= TASK TO COMPLETE =
Copy every record verbatim. Leave the pictures out.
***
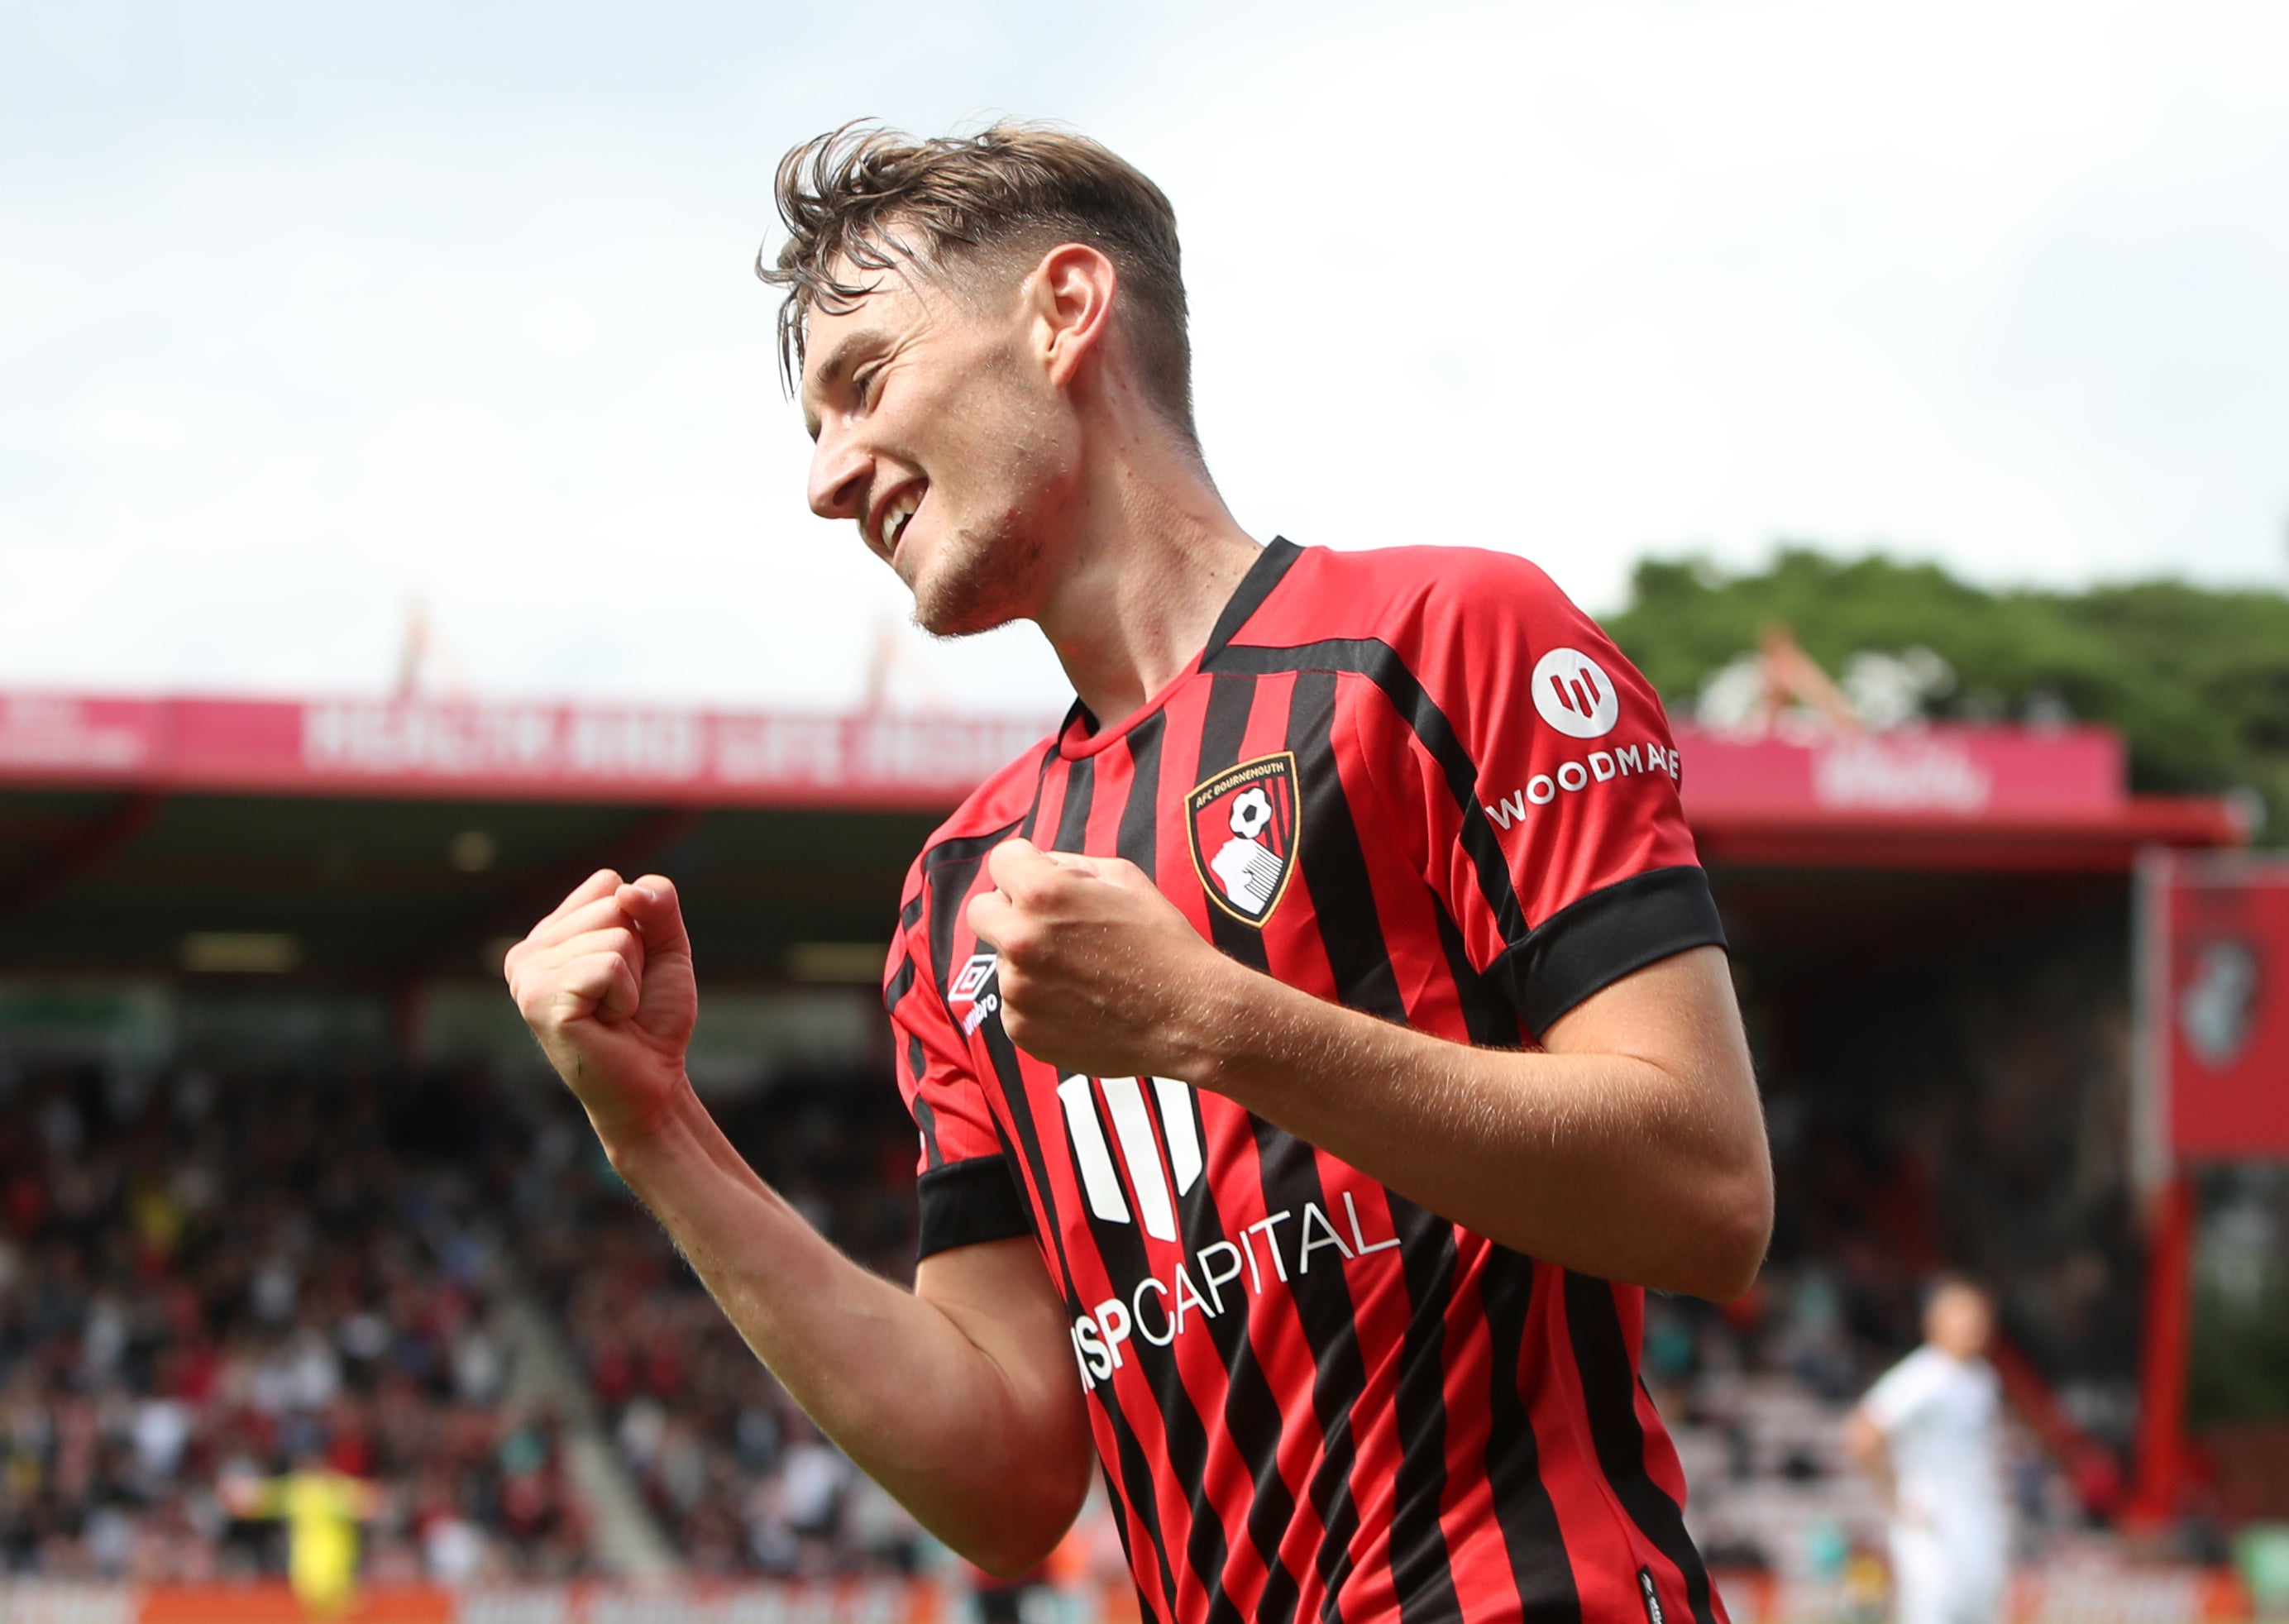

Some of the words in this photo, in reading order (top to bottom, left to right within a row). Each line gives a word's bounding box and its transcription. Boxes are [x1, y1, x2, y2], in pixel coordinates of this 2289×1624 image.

[1196, 790, 1212, 808] AFC
[1214, 762, 1284, 795] BOURNEMOUTH
[963, 993, 997, 1036] umbro
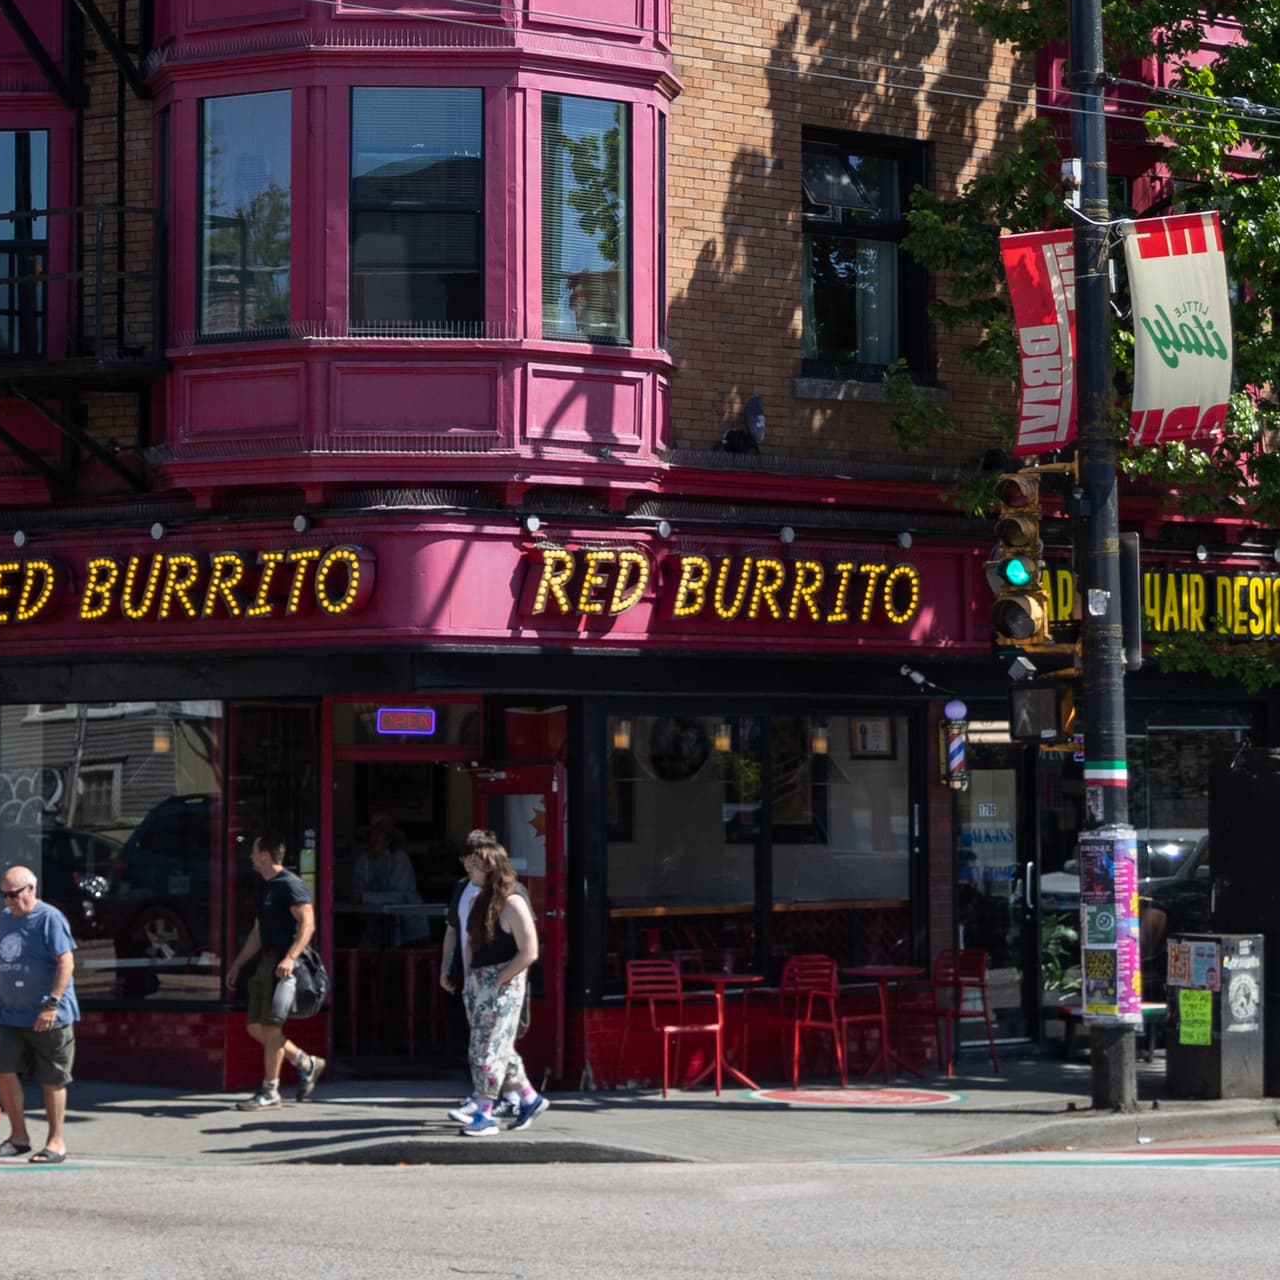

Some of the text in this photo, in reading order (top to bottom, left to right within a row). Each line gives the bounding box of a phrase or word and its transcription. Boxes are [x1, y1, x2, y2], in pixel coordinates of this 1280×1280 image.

[79, 545, 362, 620] BURRITO
[532, 548, 921, 624] RED BURRITO
[381, 711, 433, 729] OPEN
***
= SOLUTION FOR THIS PROBLEM =
Some of the words in this photo, in reading order (top to bottom, left to right within a row). Each line gives a word's bounding box and its transcription. Boxes are [x1, y1, x2, y2], in pixel coordinates of this 2289×1624 image.

[1196, 790, 1212, 808] AFC
[1214, 762, 1284, 795] BOURNEMOUTH
[963, 993, 997, 1036] umbro

Some of the text in this photo, in reading order (top to bottom, left to right within a row). Each line gives the bounding box of a phrase or word and its transcription. Boxes are [x1, y1, x2, y2], in pixel coordinates of this 1280×1280 image.

[79, 545, 362, 620] BURRITO
[532, 548, 921, 624] RED BURRITO
[381, 711, 433, 729] OPEN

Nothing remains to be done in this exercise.